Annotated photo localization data
○ ○ ○ ○ ○ ○ ○

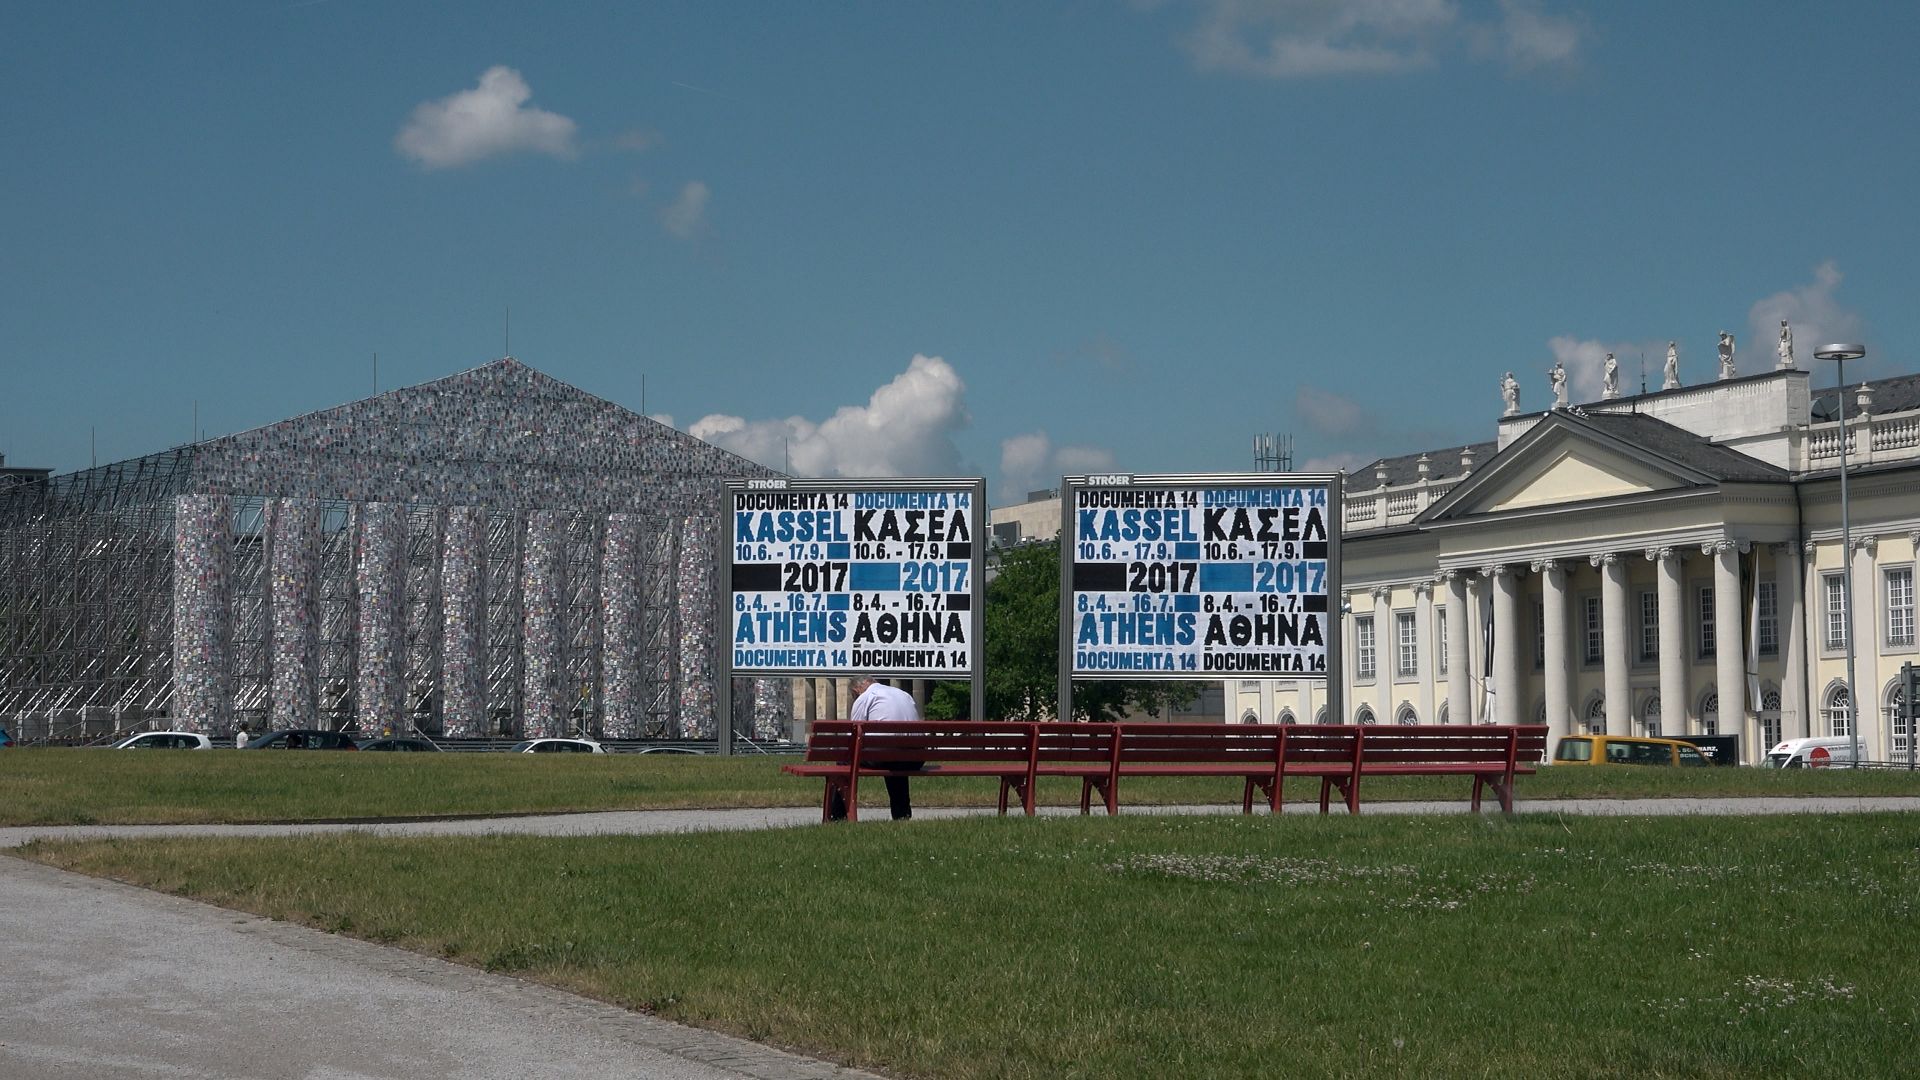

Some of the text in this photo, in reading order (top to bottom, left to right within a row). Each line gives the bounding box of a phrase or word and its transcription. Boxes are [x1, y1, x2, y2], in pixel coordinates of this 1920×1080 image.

[748, 480, 786, 488] STRÖER
[1089, 476, 1129, 485] STRÖER
[736, 493, 849, 510] DOCUMENTA 14
[855, 493, 969, 509] DOCUMENTA 14
[1078, 490, 1199, 509] DOCUMENTA 14
[1203, 489, 1326, 508] DOCUMENTA 14
[737, 511, 848, 543] KASSEL
[854, 509, 969, 542] ΚΑΣΕΛ
[1079, 508, 1197, 542] KASSEL
[1204, 507, 1326, 542] ΚΑΣΕΛ
[736, 544, 771, 561] 10.6.
[789, 544, 823, 560] 17.9.
[854, 543, 890, 559] 10.6.
[908, 543, 943, 559] 17.9.
[1079, 542, 1116, 560] 10.6.
[1135, 543, 1171, 560] 17.9.
[1204, 543, 1242, 560] 10.6.
[1261, 542, 1299, 559] 17.9.
[784, 561, 848, 592] 2017
[903, 561, 968, 592] 2017
[1129, 562, 1197, 593] 2017
[1256, 561, 1326, 593] 2017
[736, 594, 767, 611] 8.4.
[787, 593, 825, 611] 16.7.
[853, 593, 885, 611] 8.4.
[906, 593, 944, 611] 16.7.
[1078, 594, 1111, 612] 8.4.
[1133, 594, 1173, 612] 16.7.
[1204, 595, 1238, 613] 8.4.
[1260, 594, 1301, 613] 16.7.
[736, 611, 847, 644] ATHENS
[853, 611, 965, 643] ΑΘΗΝΑ
[1078, 612, 1196, 646] ATHENS
[1204, 613, 1323, 646] ΑΘΗΝΑ
[735, 649, 847, 667] DOCUMENTA 14
[852, 650, 966, 668] DOCUMENTA 14
[1077, 651, 1196, 670] DOCUMENTA 14
[1204, 653, 1325, 672] DOCUMENTA 14

○ ○ ○ ○ ○ ○ ○

[YOUR TASK]: Can you repeat every record above exactly, apart from the pictures?

[EXERCISE ANSWER]:
Some of the text in this photo, in reading order (top to bottom, left to right within a row). Each line gives the bounding box of a phrase or word and its transcription. Boxes are [x1, y1, x2, y2], in pixel coordinates of this 1920×1080 image.

[748, 480, 786, 488] STRÖER
[1089, 476, 1129, 485] STRÖER
[736, 493, 849, 510] DOCUMENTA 14
[855, 493, 969, 509] DOCUMENTA 14
[1078, 490, 1199, 509] DOCUMENTA 14
[1203, 489, 1326, 508] DOCUMENTA 14
[737, 511, 848, 543] KASSEL
[854, 509, 969, 542] ΚΑΣΕΛ
[1079, 508, 1197, 542] KASSEL
[1204, 507, 1326, 542] ΚΑΣΕΛ
[736, 544, 771, 561] 10.6.
[789, 544, 823, 560] 17.9.
[854, 543, 890, 559] 10.6.
[908, 543, 943, 559] 17.9.
[1079, 542, 1116, 560] 10.6.
[1135, 543, 1171, 560] 17.9.
[1204, 543, 1242, 560] 10.6.
[1261, 542, 1299, 559] 17.9.
[784, 561, 848, 592] 2017
[903, 561, 968, 592] 2017
[1129, 562, 1197, 593] 2017
[1256, 561, 1326, 593] 2017
[736, 594, 767, 611] 8.4.
[787, 593, 825, 611] 16.7.
[853, 593, 885, 611] 8.4.
[906, 593, 944, 611] 16.7.
[1078, 594, 1111, 612] 8.4.
[1133, 594, 1173, 612] 16.7.
[1204, 595, 1238, 613] 8.4.
[1260, 594, 1301, 613] 16.7.
[736, 611, 847, 644] ATHENS
[853, 611, 965, 643] ΑΘΗΝΑ
[1078, 612, 1196, 646] ATHENS
[1204, 613, 1323, 646] ΑΘΗΝΑ
[735, 649, 847, 667] DOCUMENTA 14
[852, 650, 966, 668] DOCUMENTA 14
[1077, 651, 1196, 670] DOCUMENTA 14
[1204, 653, 1325, 672] DOCUMENTA 14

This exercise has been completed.